By Arwen Hann
Kohanga Reo was founded in 1982 and was designed as a way of developing families by improving the teaching of children, passing down cultural knowledge and revitalising language. It focuses on whanau taking responsibility for itself and for managing the local Kohanga Reo. It was originally set up under the Department of Maori Affairs and was only brought into the Ministry of Education in 1990 at which point it came under ECE regulations.
Te Kohanga Reo National Trust Board, which represents more than 450 Kohanga Reo throughout the country, has been arguing to separate Kohanga Reo from the Ministry of Education and for it to be run independently. It argues that Kohanga Reo was never designed to be thought of like a traditional early childhood education service and as such should not be constrained by the same rules and regulations as early childhood centres and other services.
Kohanga Reo was also criticised in the Government’s 2011 Early Childhood Education Taskforce report, which is forming the basis of several advisory groups and recommendations being considered by the Education Minister during 2012.
The Trust has since issued a response to the report, which it says was ill researched and misinformed. It claims the report “resulted in reputational damage that risks future enrolments at Kohanga Reo” which will “in turn, accelerate the decline in the number of Mokopuna acquiring fluency in te reo Maori, since that is directly linked to the numbers participating in Kohanga Reo”.
The Trust is also angry that despite being criticised several times in the report, it was not given the chance to comment before it was released. The Ministry of Education has agreed that the Trust’s response will appear alongside the report any time the relevant parts are published.

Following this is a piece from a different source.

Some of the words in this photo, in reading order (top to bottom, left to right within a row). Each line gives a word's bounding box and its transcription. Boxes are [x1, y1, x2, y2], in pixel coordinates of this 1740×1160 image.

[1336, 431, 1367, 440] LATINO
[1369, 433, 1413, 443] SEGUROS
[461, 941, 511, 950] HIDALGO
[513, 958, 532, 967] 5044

In its response, the Trust says the Taskforce treated it unfairly by comparing it to standards set out by the ECE regulations such as having qualified teachers when these things do not fit with the Kohanga Reo methods which include all whanau in teaching and focus on Kaumatua to hand down cultural knowledge. Using such definitions of quality ECE, the Trust says, makes it difficult for Kohanga Reo to be considered as a quality programme and takes away from what it was originally intended to do.

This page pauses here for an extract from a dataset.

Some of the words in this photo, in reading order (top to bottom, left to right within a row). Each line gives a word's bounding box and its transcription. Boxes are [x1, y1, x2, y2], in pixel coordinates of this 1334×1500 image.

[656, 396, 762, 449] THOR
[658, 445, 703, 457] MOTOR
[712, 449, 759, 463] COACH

One of the points raised in the Taskforce report was the high number of supplementary reviews of Kohanga Reo conducted by the Education Review Office – one third of all Kohanga Reo received supplementary reviews between 2007 and 2010.
However, the Trust argues that ERO does not fully understand the Kohanga Reo philosophy and its way of working and therefore cannot do a proper review of the services.

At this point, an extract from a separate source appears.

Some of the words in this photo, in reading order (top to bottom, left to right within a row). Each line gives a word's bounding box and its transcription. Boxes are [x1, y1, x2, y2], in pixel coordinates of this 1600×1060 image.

The Trust also disputes the Taskforce’s focus on quality equating it to ECE qualified teachers, who are not as common in Kohanga Reo. This is because it was set up as a whanau-led environment designed to help Maori children to learn and to keep alive the Maori language and culture. While not qualified in ECE, Kaumatua are seen as experts in culture, which is paramount within the Kohanga Reo philosophy.
This misinformation and lack of understanding risks further decline in children attending the Kohanga Reo setting and damages the reputation of Kohanga Reo and the Trust, according to the Trust’s response to the report. It also says it fears the Government will move to incorporate Kohanga Reo further within the ECE framework and regulations to the detriment of its philosophy and its original intent following recommendations by the Taskforce that funding priority be given to teacher-led ECE services and that Kohanga Reo should be held accountable in the same way as other ECE services.
The Trust’s reaction to the Taskforce report and its recent Waitangi Tribunal claim fuel the debate as to whether children from different ethnic backgrounds do better in mixed early childhood settings, or immersed in their own culture. The Trust is calling for autonomy saying neither the Ministry nor the Taskforce really understands the purpose of Kohanga Reo or how it works, which would suggest they advocate for Maori at least to be immersed in their own culture during their early years. The success of this, however, is more difficult to measure without standards for staffing and curriculum comparable to those in mainstream ECE settings.
It is unclear how attendance at Kohanga Reo might fit with the government’s plan to get 98% of children attending some form of ECE. Currently Kohanga Reo is included in the definition of ECE. There is a precedent for early childhood programmes that meet different social and cultural purposes to sit under different government departments. Nga Kohanga Reo used to be under the Department of Maori Affairs before Government shifted it to be under the auspices of the Ministry of Education. Parenting programmes, PAFT and Family Start, were under the Ministry of Education until they were shifted to the Ministry of Social Development.